▶ **ABOUT THIS TASK**
Below are lines of records; copy exactly those from the one containing "Some of the text" through the one containing "this 1366×1366 image.", leaving the pictures behind.

▶ **MATERIAL TO PROCESS**
_____

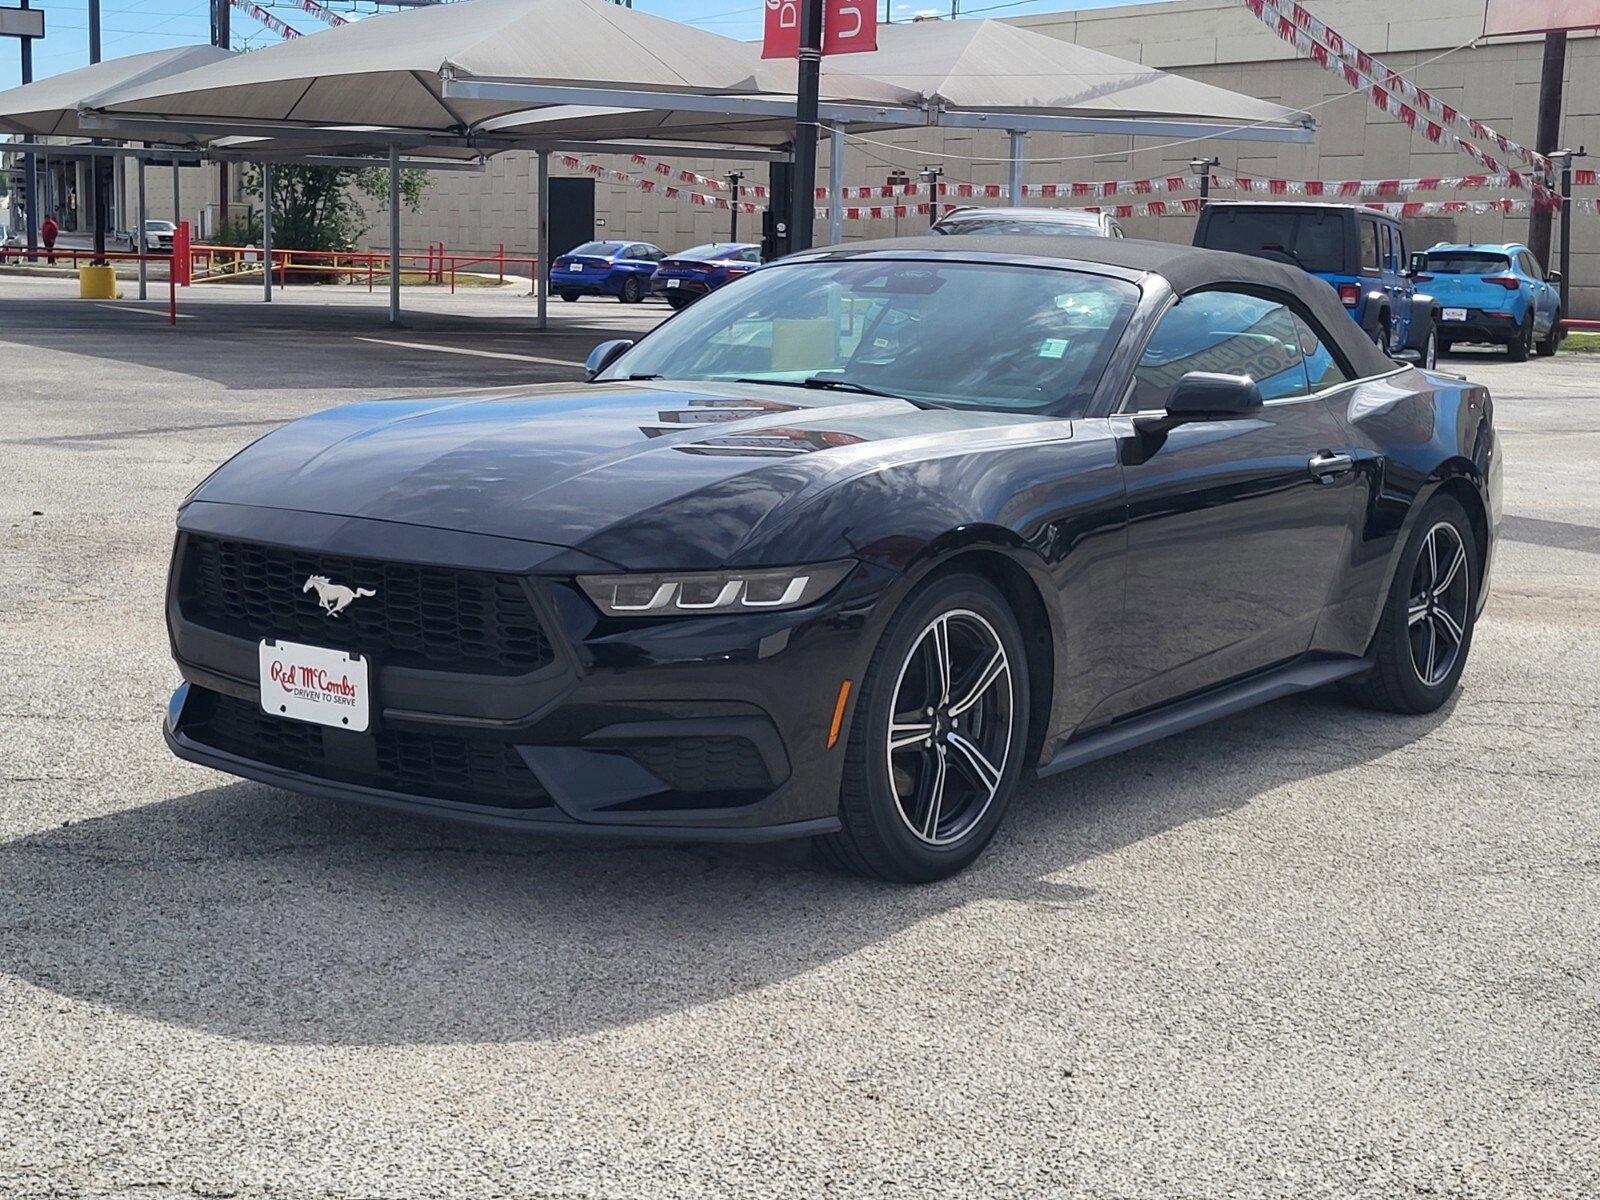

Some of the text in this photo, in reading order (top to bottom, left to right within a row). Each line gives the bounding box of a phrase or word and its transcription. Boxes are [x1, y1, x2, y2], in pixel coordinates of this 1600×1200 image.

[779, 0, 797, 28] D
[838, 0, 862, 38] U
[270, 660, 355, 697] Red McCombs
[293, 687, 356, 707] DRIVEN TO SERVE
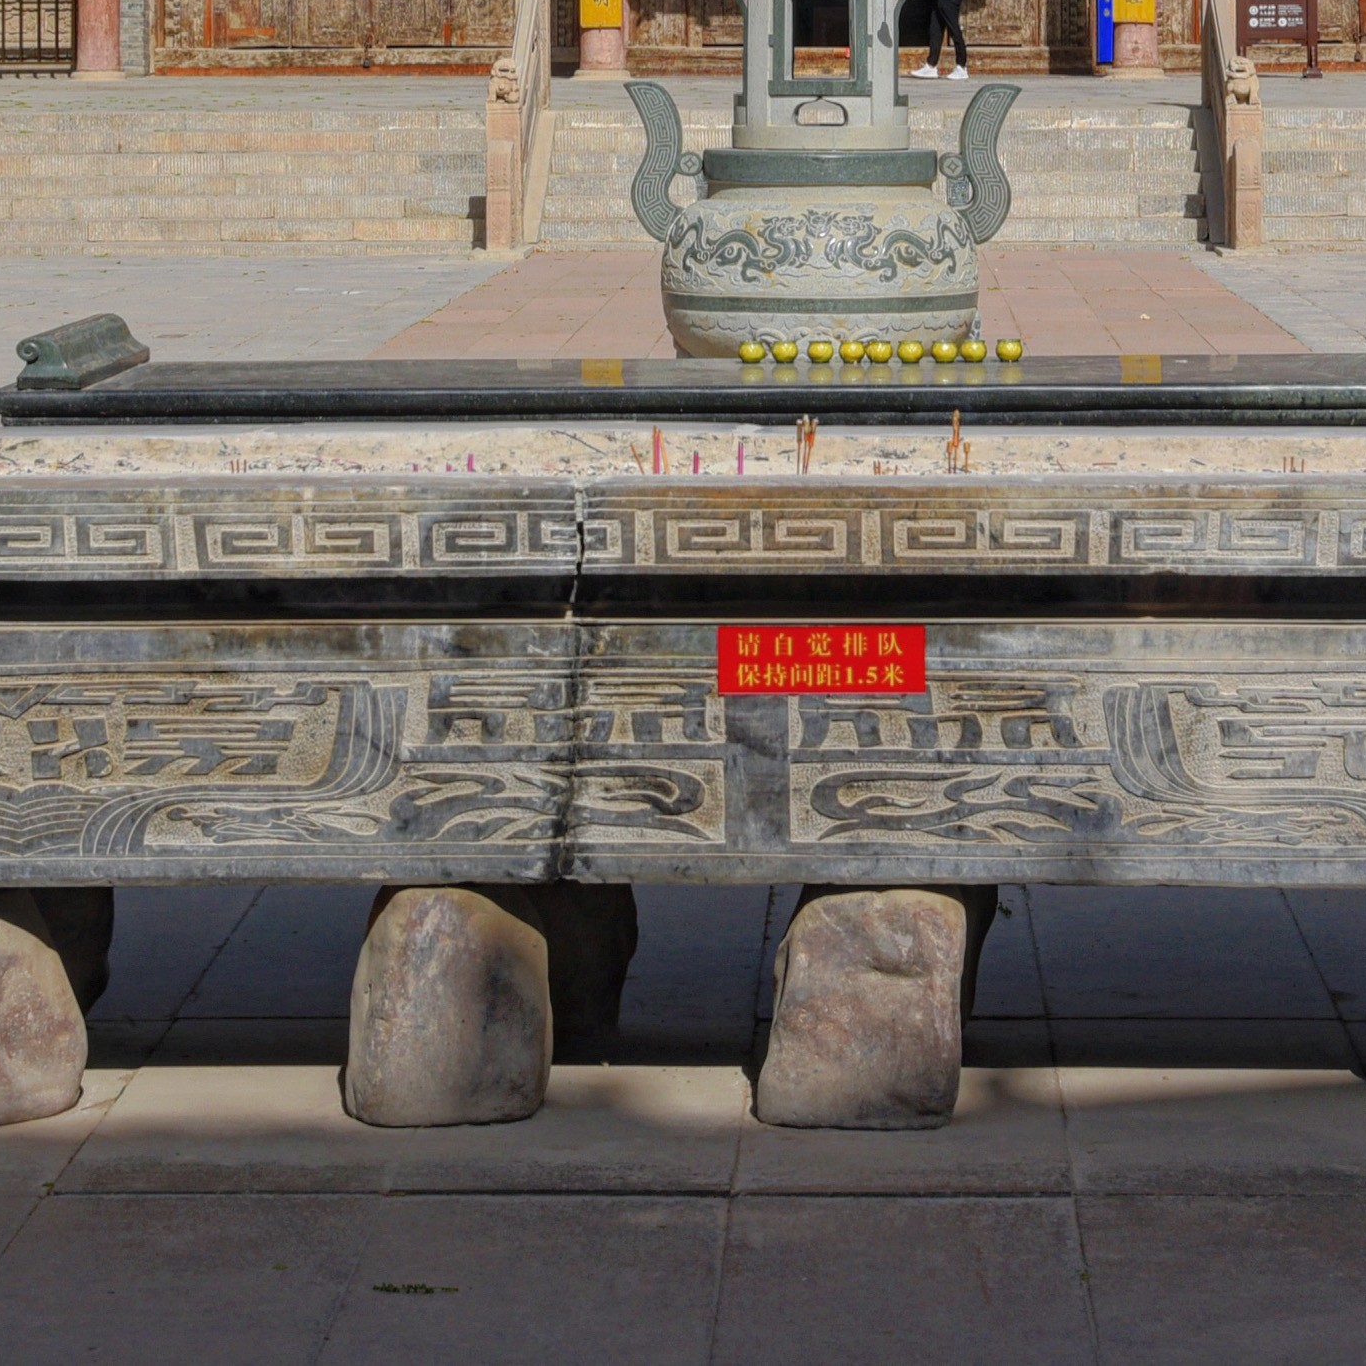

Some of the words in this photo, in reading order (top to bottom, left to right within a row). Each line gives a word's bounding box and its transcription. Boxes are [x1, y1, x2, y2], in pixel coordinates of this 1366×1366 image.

_____

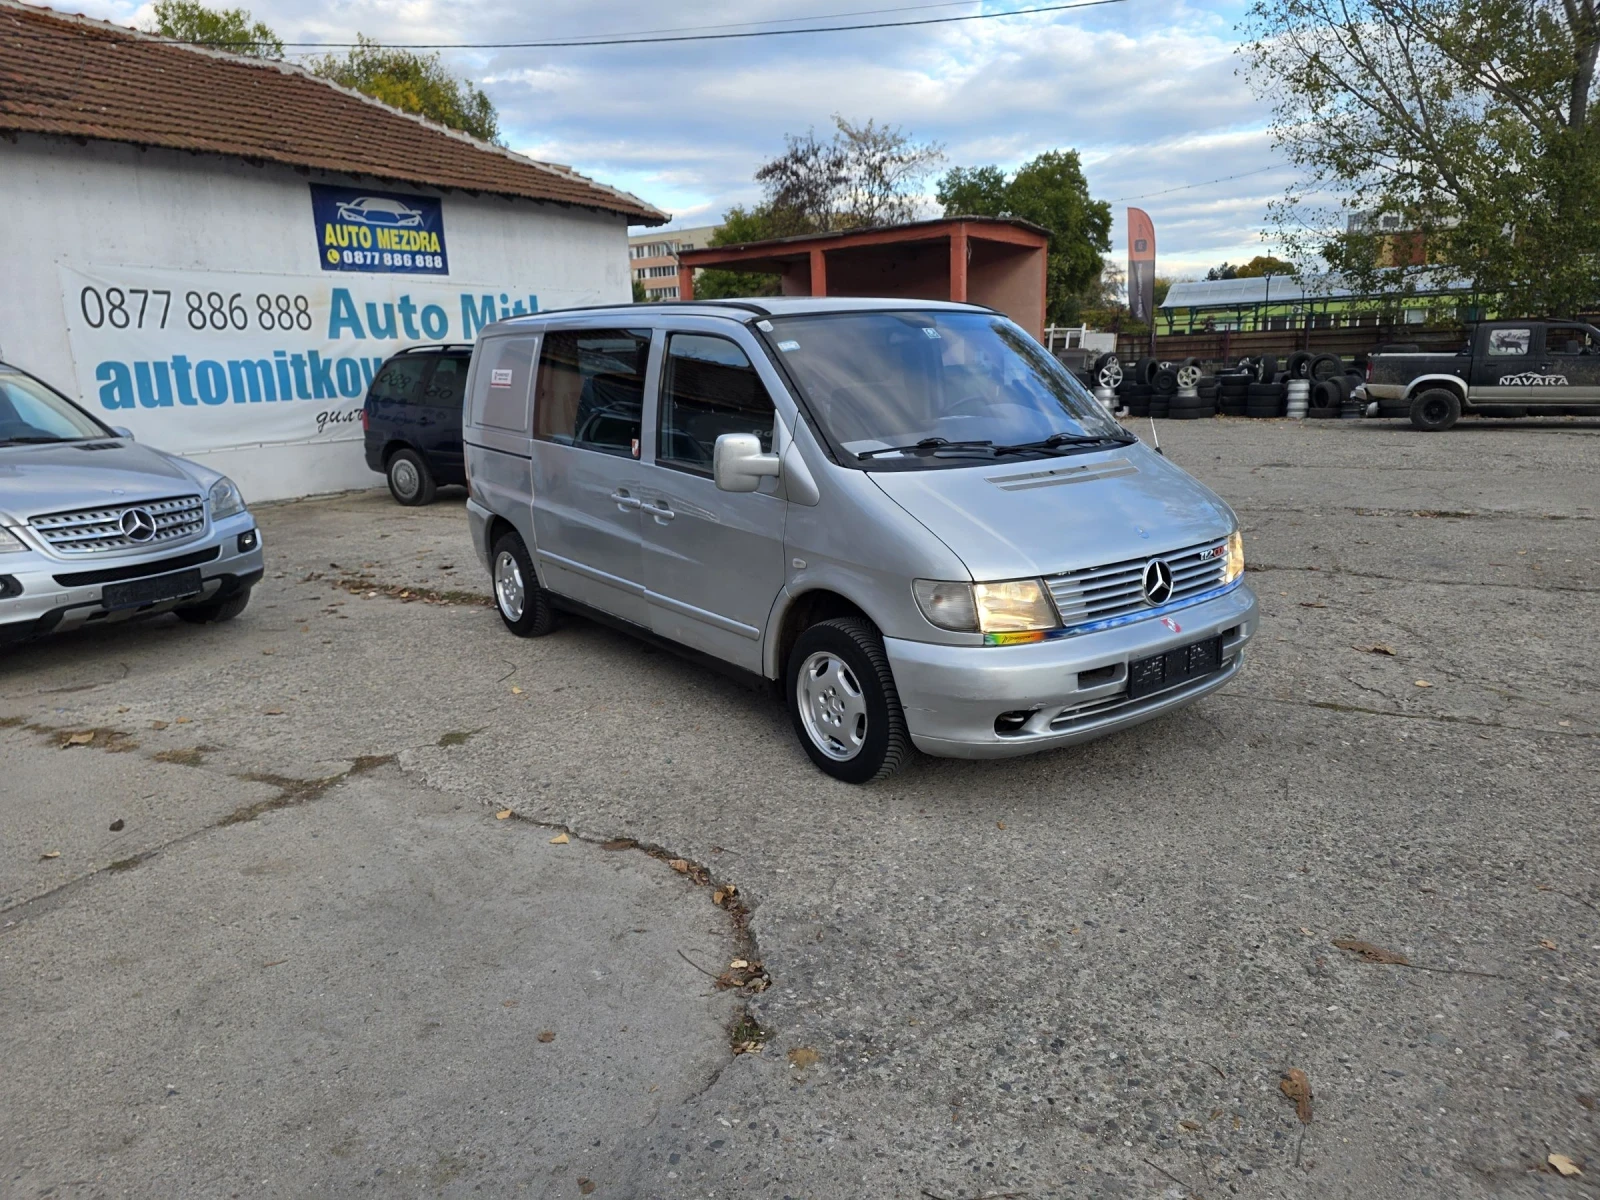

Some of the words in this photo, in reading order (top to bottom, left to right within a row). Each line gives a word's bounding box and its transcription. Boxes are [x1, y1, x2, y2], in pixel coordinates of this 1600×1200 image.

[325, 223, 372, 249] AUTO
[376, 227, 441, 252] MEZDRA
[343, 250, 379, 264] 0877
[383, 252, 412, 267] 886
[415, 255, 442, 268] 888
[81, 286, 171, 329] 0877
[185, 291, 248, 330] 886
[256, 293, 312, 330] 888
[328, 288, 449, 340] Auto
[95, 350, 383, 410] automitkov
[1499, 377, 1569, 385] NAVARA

_____

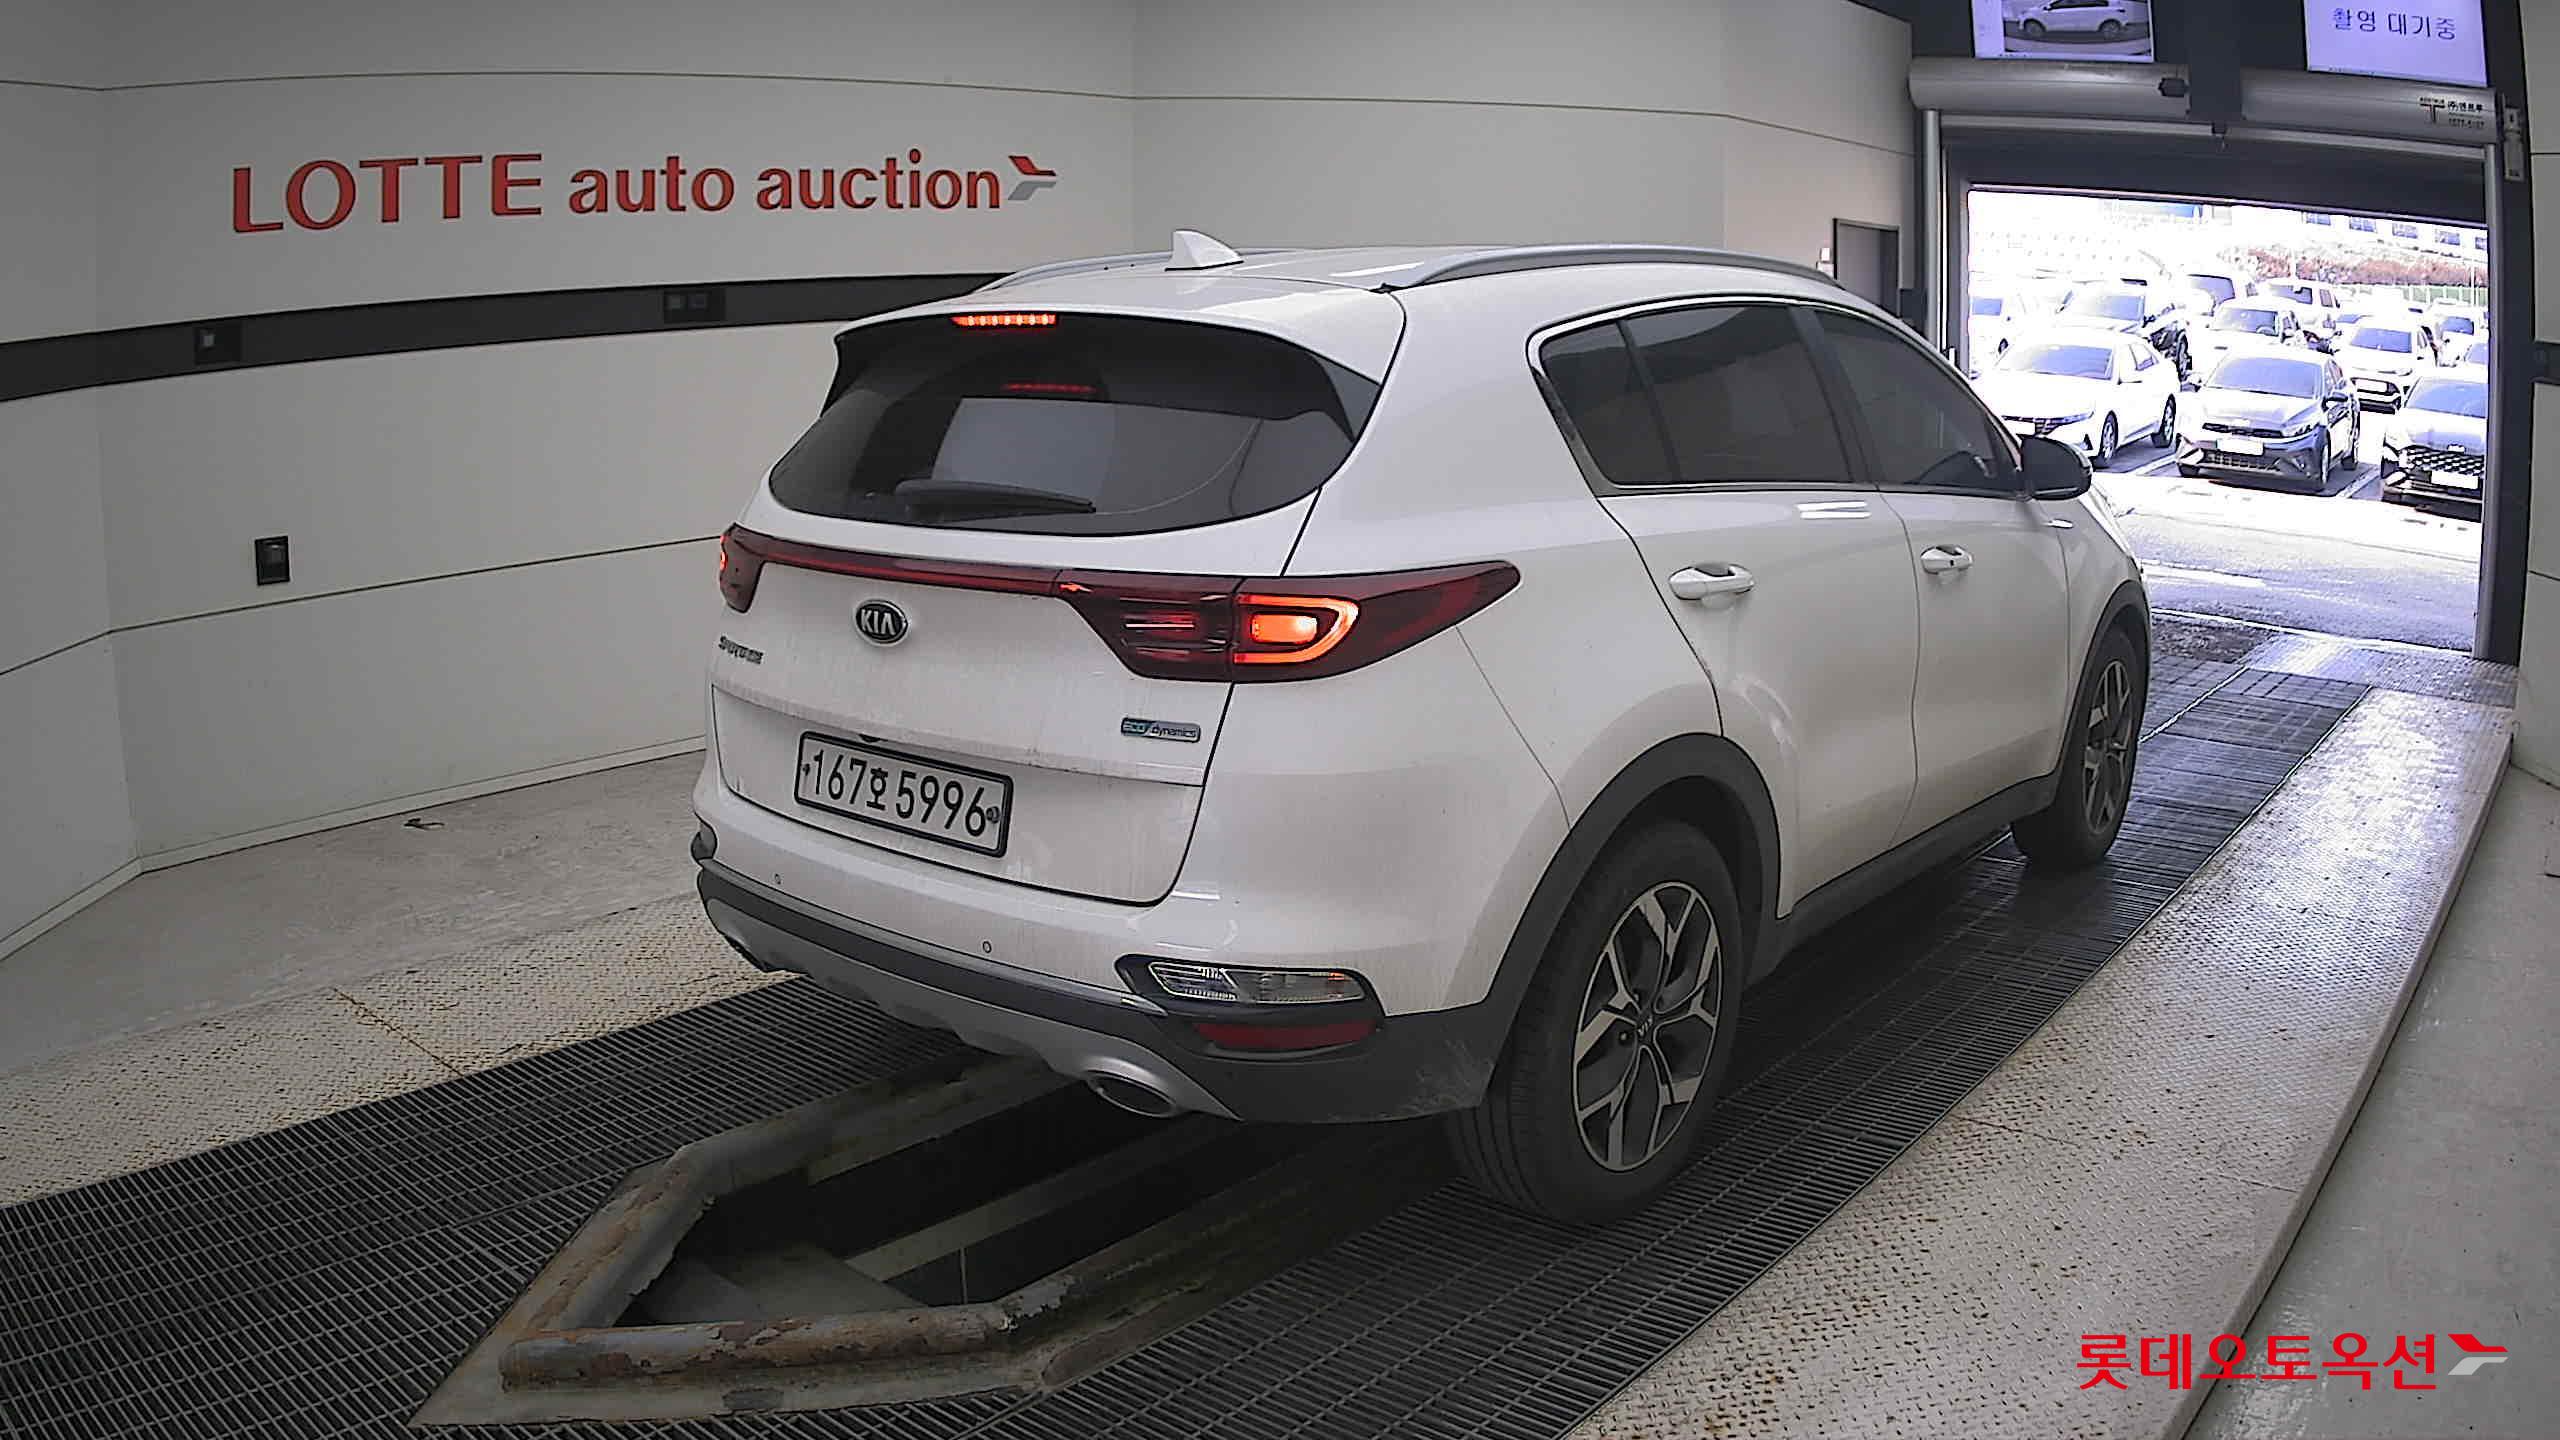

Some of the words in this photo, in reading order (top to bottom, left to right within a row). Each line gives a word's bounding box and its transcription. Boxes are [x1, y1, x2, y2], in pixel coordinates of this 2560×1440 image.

_____

▶ **SOLUTION**
Some of the text in this photo, in reading order (top to bottom, left to right within a row). Each line gives the bounding box of a phrase or word and its transcription. Boxes are [x1, y1, x2, y2], in pixel coordinates of this 1600×1200 image.

[779, 0, 797, 28] D
[838, 0, 862, 38] U
[270, 660, 355, 697] Red McCombs
[293, 687, 356, 707] DRIVEN TO SERVE

Some of the words in this photo, in reading order (top to bottom, left to right within a row). Each line gives a word's bounding box and its transcription. Boxes are [x1, y1, x2, y2], in pixel coordinates of this 1366×1366 image.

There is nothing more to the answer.